Alex Belardo Kostiw’s publishing practice. Rooted in visual communication design, these works deal in poetic, adapted, and iterative elements, visual structures of comics, and conceptually driven forms. They span artist’s zines and spatial books, which turn a book into a site. ︎info

︎ publications / spatial books + exhibitions
︎ publications / spatial books + exhibitions 



Slight Fictions


De Pree Art Center (Holland, MI)
Solo exhibition curated by Sofía Sánchez Borboa


“A book tends to be approached as a thing to be read, a sequence that will be completed. Slight Fictions begins elsewhere, with the proposition that a book is not only an object, but a spatial structure unfolding through time, movement, and encounter.

Ulises Carrión understands the book as a sequence of spaces, where each one is perceived at a different moment. Meaning does not reside in a single page or image; rather, it emerges through delay, interruption, and adjacency. Reading is not about consumption but about traversing, and in this sense, the book functions as an architectural system that is entered, crossed, and only partially inhabited. 

This exhibition extends that logic outward. In Alex Belardo Kostiw’s practice, the book is treated as a site rather than a vessel. It is something to move through, not resolve. The show is composed through a montage of printed materials, sound, projection, ceramic forms, and participatory structures. These elements are bound through cuts, seams, folds, and overlaps weaving a space that must be navigated rather than decoded.
Some of the works ask to be handled, reshuffled, or perused. Others remain suspended, fragmentary, or partially withheld. Shadows act as a writing without language. Images repeat without settling into one single narrative. Sound introduces duration, insisting on time as a material condition of meaning. The exhibition unfolds not all at once, but reveals itself through lingering.

Throughout Slight Fictions, systems of organization, such as libraries, indexes, sequences, and editions appear, only to loosen their structure. Classification becomes provisional, knowledge drifts, accumulates, and slips away. Meaning is shaped through use, chance, and attention rather than authority or completion.

These are not fictions of displacement. The works do not seek to replace the world or pull the reader away from it; instead, they stay close to it, introducing subtle deviations that allow perception to recalibrate. This exhibition proposes the idea that books, images, and artworks are not interpretations of reality but, instead, environments nested within it; these are places where meaning is assembled at every instant, through movement, encounter, and attention.” Sofía Sánchez Borboa



Pakiramdam (ii)



Risograph prints, accordion fold in folio, and saddle-stitched pamphlet, 8.5 x 5.5 inches each.

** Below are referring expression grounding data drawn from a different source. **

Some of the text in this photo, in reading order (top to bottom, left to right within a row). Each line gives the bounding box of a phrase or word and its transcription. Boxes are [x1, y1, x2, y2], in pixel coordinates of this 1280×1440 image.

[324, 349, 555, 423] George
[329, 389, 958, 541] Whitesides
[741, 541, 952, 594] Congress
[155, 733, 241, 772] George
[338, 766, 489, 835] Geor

This revisits a spatial book of the same name, offering another mode of encountering its narrative. While the spatial book was site-specific and temporary, this print edition leans into the places that no longer exist except in familial imagination. The edition is variable, featuring different selections of altered family photos. It is a collection of thoughts on how migration often leads to fragmentation within a family—not just separating them from each other, but from a collective sense of home.

book/marks, 2019 —


This series crystallizes those aimless images and thoughts that I keep returning to, while exploring the possibilities of a 7 x 2-inch format.

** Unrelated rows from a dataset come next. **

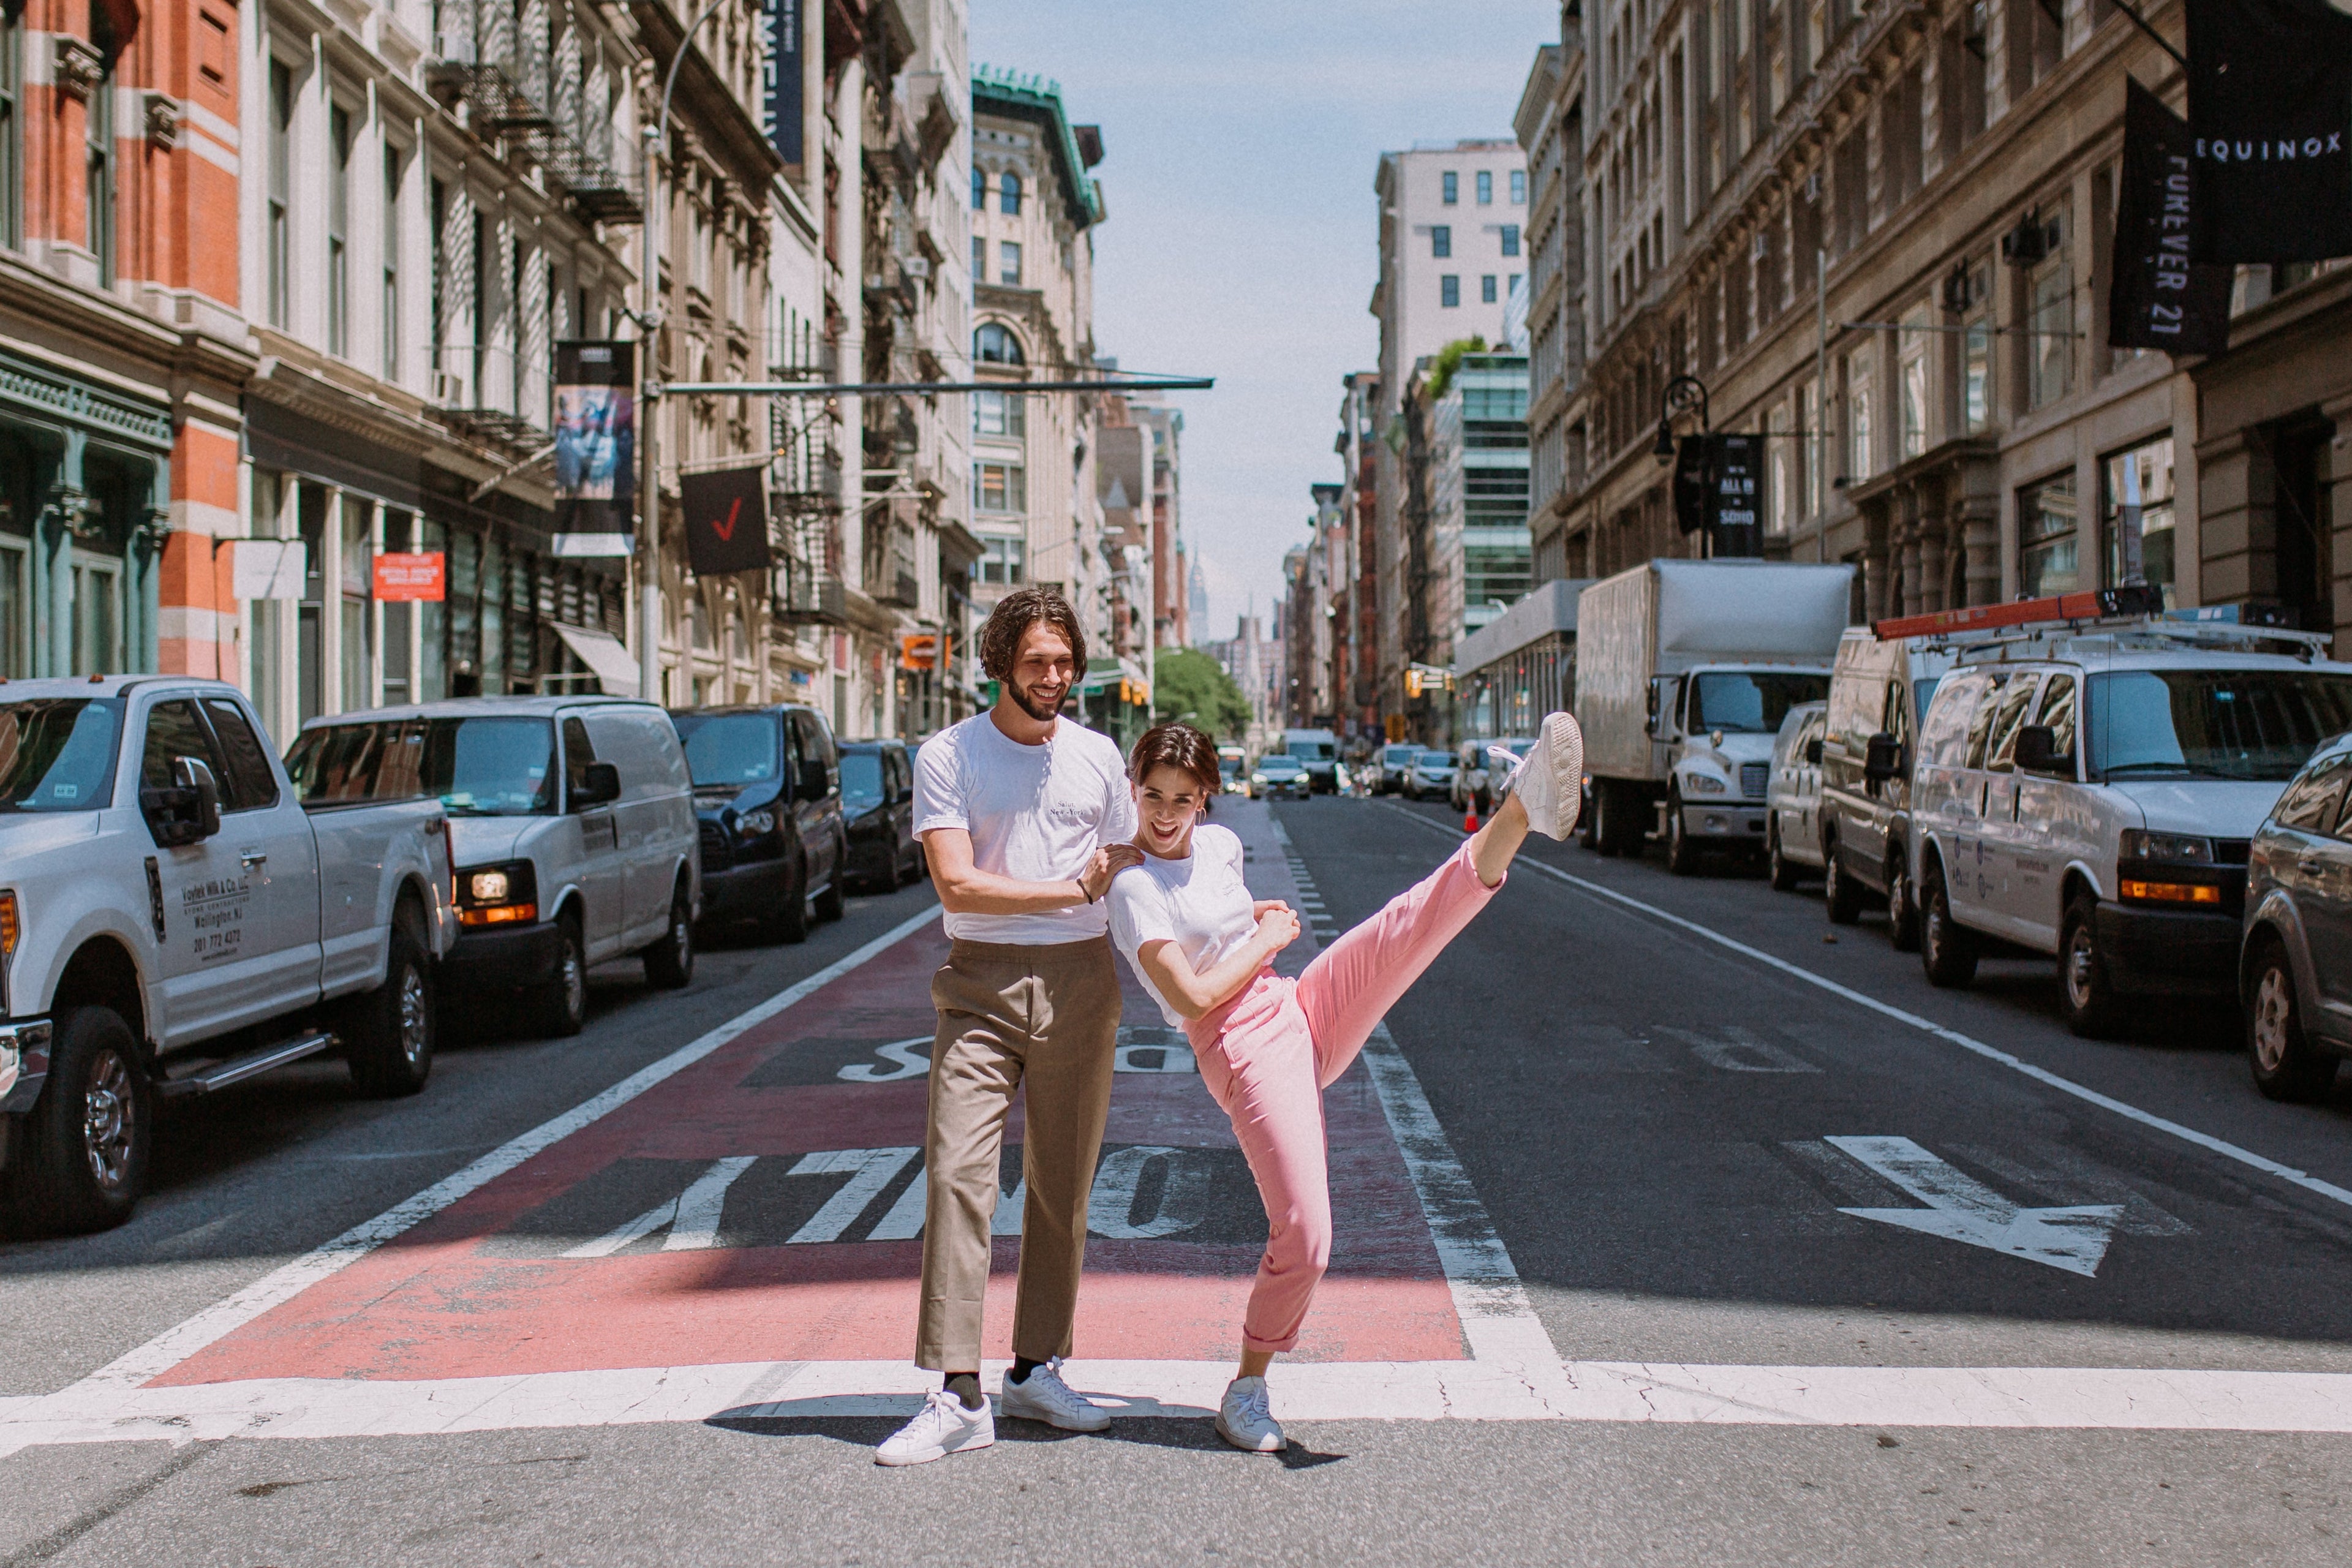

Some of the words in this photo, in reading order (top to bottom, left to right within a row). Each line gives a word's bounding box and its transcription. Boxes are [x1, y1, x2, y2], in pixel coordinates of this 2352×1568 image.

[2195, 130, 2342, 163] EQUINOX
[2150, 303, 2184, 335] 21
[1720, 477, 1742, 494] ALL
[1720, 508, 1755, 525] SOHO
[221, 880, 225, 894] &
[233, 907, 243, 920] NJ
[194, 937, 206, 953] 201
[209, 933, 222, 949] 772
[837, 1026, 1196, 1082] BS

IV: Somewhere, a witch wanders, wandless


16 pages, accordion fold, risograph, 2024, 7 x 2 inches

In book/mark IVa witch seeks her missing friend, slipping and tumbling, pacing and falling through panel after panel, page after page. Will she ever find it? 



III: 6 Wings


6 pages, accordion fold, reduction woodcut, glue, 2022, 7 x 2 inches

6 Wings reimagines the mythological multi-limbed, winged Geryon, whom Hercules murdered for his red cows. Few depictions of Geryon have survived antiquity. To echo that, making this book, a reduction woodcut print with collaged covers, involved destroying the print matrix and parts of the prints. The book embraces Geryon as a fugitive body—forever beyond our grasp.


II: Wendr


12 pages, saddle-stitch binding, risograph, 7 x 2 inches

Wendr is a spell, cast on me by a stick I saw on the ground c. 2017. Years later, I was still thinking about it. Ruminating on magical wands, the book changes in orientation and reading direction so that reading it is akin to the pull and push of energy that characterizes magic.

Meanwhile, a witch wanders, wandless...


I: A Name


12 pages, saddle-stitch binding, risograph, 7 x 2 inches

A Name is a brief, personal reflection on what it might mean to make a person. With images that allude to Greek mythology, Penelope, “the name without a girl,” is my idea of a daughter.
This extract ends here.